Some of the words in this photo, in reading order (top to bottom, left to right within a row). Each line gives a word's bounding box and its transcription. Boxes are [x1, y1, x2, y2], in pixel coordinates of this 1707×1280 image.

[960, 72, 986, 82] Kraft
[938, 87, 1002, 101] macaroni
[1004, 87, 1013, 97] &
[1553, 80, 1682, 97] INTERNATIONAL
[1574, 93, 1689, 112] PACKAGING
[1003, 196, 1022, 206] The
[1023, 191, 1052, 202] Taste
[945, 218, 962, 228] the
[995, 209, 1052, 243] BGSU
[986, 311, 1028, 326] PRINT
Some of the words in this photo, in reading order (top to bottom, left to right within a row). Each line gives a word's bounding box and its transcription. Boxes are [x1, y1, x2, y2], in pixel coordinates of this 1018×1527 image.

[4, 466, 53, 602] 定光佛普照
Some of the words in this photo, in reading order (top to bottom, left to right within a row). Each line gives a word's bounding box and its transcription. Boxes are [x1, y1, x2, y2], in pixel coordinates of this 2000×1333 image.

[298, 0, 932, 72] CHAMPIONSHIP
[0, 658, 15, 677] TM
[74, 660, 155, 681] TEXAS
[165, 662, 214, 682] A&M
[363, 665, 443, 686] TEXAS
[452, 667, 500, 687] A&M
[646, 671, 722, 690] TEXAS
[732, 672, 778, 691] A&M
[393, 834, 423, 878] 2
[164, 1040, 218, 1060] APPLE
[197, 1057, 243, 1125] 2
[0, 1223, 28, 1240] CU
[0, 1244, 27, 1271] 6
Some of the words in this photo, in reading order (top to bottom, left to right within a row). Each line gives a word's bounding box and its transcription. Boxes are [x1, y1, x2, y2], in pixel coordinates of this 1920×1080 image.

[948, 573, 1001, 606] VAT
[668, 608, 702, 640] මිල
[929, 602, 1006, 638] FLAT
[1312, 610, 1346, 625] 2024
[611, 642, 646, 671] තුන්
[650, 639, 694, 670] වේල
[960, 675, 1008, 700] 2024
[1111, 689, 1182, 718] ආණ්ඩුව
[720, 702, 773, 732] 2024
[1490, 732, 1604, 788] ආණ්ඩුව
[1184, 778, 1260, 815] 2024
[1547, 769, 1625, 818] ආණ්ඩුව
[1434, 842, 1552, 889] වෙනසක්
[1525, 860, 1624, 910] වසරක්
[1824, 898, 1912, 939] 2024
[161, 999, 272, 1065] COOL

━━━━

■ **WHAT IS REQUIRED**
Each entry, exactly as written, should be set down once more.

■ **WRITTEN ANSWER**
Some of the words in this photo, in reading order (top to bottom, left to right within a row). Each line gives a word's bounding box and its transcription. Boxes are [x1, y1, x2, y2], in pixel coordinates of this 1707×1280 image.

[960, 72, 986, 82] Kraft
[938, 87, 1002, 101] macaroni
[1004, 87, 1013, 97] &
[1553, 80, 1682, 97] INTERNATIONAL
[1574, 93, 1689, 112] PACKAGING
[1003, 196, 1022, 206] The
[1023, 191, 1052, 202] Taste
[945, 218, 962, 228] the
[995, 209, 1052, 243] BGSU
[986, 311, 1028, 326] PRINT
Some of the words in this photo, in reading order (top to bottom, left to right within a row). Each line gives a word's bounding box and its transcription. Boxes are [x1, y1, x2, y2], in pixel coordinates of this 1018×1527 image.

[4, 466, 53, 602] 定光佛普照
Some of the words in this photo, in reading order (top to bottom, left to right within a row). Each line gives a word's bounding box and its transcription. Boxes are [x1, y1, x2, y2], in pixel coordinates of this 2000×1333 image.

[298, 0, 932, 72] CHAMPIONSHIP
[0, 658, 15, 677] TM
[74, 660, 155, 681] TEXAS
[165, 662, 214, 682] A&M
[363, 665, 443, 686] TEXAS
[452, 667, 500, 687] A&M
[646, 671, 722, 690] TEXAS
[732, 672, 778, 691] A&M
[393, 834, 423, 878] 2
[164, 1040, 218, 1060] APPLE
[197, 1057, 243, 1125] 2
[0, 1223, 28, 1240] CU
[0, 1244, 27, 1271] 6
Some of the words in this photo, in reading order (top to bottom, left to right within a row). Each line gives a word's bounding box and its transcription. Boxes are [x1, y1, x2, y2], in pixel coordinates of this 1920×1080 image.

[948, 573, 1001, 606] VAT
[668, 608, 702, 640] මිල
[929, 602, 1006, 638] FLAT
[1312, 610, 1346, 625] 2024
[611, 642, 646, 671] තුන්
[650, 639, 694, 670] වේල
[960, 675, 1008, 700] 2024
[1111, 689, 1182, 718] ආණ්ඩුව
[720, 702, 773, 732] 2024
[1490, 732, 1604, 788] ආණ්ඩුව
[1184, 778, 1260, 815] 2024
[1547, 769, 1625, 818] ආණ්ඩුව
[1434, 842, 1552, 889] වෙනසක්
[1525, 860, 1624, 910] වසරක්
[1824, 898, 1912, 939] 2024
[161, 999, 272, 1065] COOL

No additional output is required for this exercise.